The late Liam Clancy

As Liam Clancy was dying last fall, the documentary of his life, “The Yellow Bittern,” was about to come out on DVD. The film’s producer, Anna Rodgers, who’d spent five years plumbing the life of the youngest and last surviving member of the iconic group, The Clancy Brothers and Tommy Makem, recalls one of her last conversations with him. “He said ‘I’m going to boost sales for you.’ He was a terrible man for making those dark jokes. We’d say, ‘Liam, stop it,’ but he thought it was hilarious. I have to say, I did laugh to myself afterwards.”

“The Yellow Bittern, The Life and Times of Liam Clancy,” called an “small scale epic” by one critic, will have its only Philadelphia showing on Friday, May 7, at the Philadelphia Irish Center, 6815 Emlen Street, an event sponsored by The Philadelphia Ceili Group.

I spoke to Anna Rodgers by phone this week from her office at Crossing the Line Films in County Wicklow where she was putting the finishing touches on the RTE series, “Growing Up Gay.” A film she directed, “Today Is Better Than Two Tomorrows”–the story of two Laotian 11-year-olds, one in school, the other in Buddhist monastery—was recently screened at The Full Frame Documentary Film Festival in Durham, NC, and she’s also filming a documentary on the Faddenmore Psalter, an eighth century manuscript found in a bog.

You spent the last five years of Liam Clancy’s life with him. What was he like?

Really it’s very hard to say. He was a hard man to get to know in lots of ways. Even though he would be very gregarious, very friendly to people when he met them and he was a great conversationalist, it took time for him to let you in. He was a very deep thinker, very philosophical. You never had an ordinary conversation with Liam.
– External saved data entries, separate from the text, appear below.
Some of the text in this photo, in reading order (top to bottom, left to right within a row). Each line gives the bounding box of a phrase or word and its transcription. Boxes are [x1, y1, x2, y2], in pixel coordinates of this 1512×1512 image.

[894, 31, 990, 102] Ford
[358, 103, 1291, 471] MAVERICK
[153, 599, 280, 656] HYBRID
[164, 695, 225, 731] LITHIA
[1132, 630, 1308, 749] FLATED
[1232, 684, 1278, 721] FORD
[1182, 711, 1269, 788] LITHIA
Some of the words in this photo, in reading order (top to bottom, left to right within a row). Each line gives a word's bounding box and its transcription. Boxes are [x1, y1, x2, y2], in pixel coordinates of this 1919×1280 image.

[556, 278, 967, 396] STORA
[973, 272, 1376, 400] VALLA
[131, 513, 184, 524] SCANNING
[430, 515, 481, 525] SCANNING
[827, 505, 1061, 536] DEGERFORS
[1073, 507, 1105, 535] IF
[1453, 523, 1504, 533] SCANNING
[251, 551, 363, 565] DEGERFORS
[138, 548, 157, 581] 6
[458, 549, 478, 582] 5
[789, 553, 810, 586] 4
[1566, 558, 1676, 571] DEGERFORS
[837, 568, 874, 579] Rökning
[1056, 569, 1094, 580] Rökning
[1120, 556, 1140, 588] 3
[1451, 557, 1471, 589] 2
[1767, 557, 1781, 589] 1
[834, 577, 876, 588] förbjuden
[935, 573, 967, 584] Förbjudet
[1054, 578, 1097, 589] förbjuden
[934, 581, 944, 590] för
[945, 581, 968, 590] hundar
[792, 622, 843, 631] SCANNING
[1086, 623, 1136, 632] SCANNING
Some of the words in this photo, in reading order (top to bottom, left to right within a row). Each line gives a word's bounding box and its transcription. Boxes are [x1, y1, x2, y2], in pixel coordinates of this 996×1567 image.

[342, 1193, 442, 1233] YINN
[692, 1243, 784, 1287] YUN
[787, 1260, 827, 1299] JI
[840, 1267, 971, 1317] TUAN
As he was approaching the end of his life, he had an awareness of that, and he had philosophical ideas about what it’s all about, about his own life. He was a great storyteller, and he would tell the same stories over and over but I loved to hear them again and again because I loved the sound of his voice. That’s one of the things I miss the most. It was great fun to go out with him and have a meal. He would have a chat with everone. He was a sociable loner. Alan [Gilsenan, the film’s director] talks about “the capless interviews,” the ones we did in his home when he took his cap off and wasn’t the performer anymore. Then you got more of an insight.

Will we learn anything new and surprising in the documentary?

It’s not that kind of film. There are no big revelations in it. It’s not going to tell you something, if you’re a fan, that you didn’t know about before. It’s the way he tells a story, about his life and the period of time in cultural and political history in which the band existed [the ‘60s in the US]. One of the things in the film that is unique is the unseen archives, including home movies of Liam’s he found in his attic. And these were movies he’d never seen—including film of his own wedding! We also found some footage of his [1964] performance at the Newport Folk Festival filmed by his friend, [film director] Murray Lerner, but it took a couple of years to find that because the images had become separated from the sound.

How did Liam feel about having a film made about his life?

He once came across a grave of someone who had his name 100 years ago and he wondered what his life had been like. He wanted to put down his life story for posterity, to leave something behind for his children and grandchildren. He was very much into that, that a man should tell his story.

Was he able to see the film?

The film came out on Liam’s birthday and he came to opening night in Dublin, actually in a wheelchair. He was very weak. But he still partied all night. He went into the hospital and never came home, but we talked on the phone. We filmed to the very end. We even filmed his funeral. We knew he would have wanted us to. It was beautiful. Not a big show business funeral. Though there were a lot of people there, it felt like a very personal funeral. It was an absolutely beautiful day. It had been raining and there was a rainbow.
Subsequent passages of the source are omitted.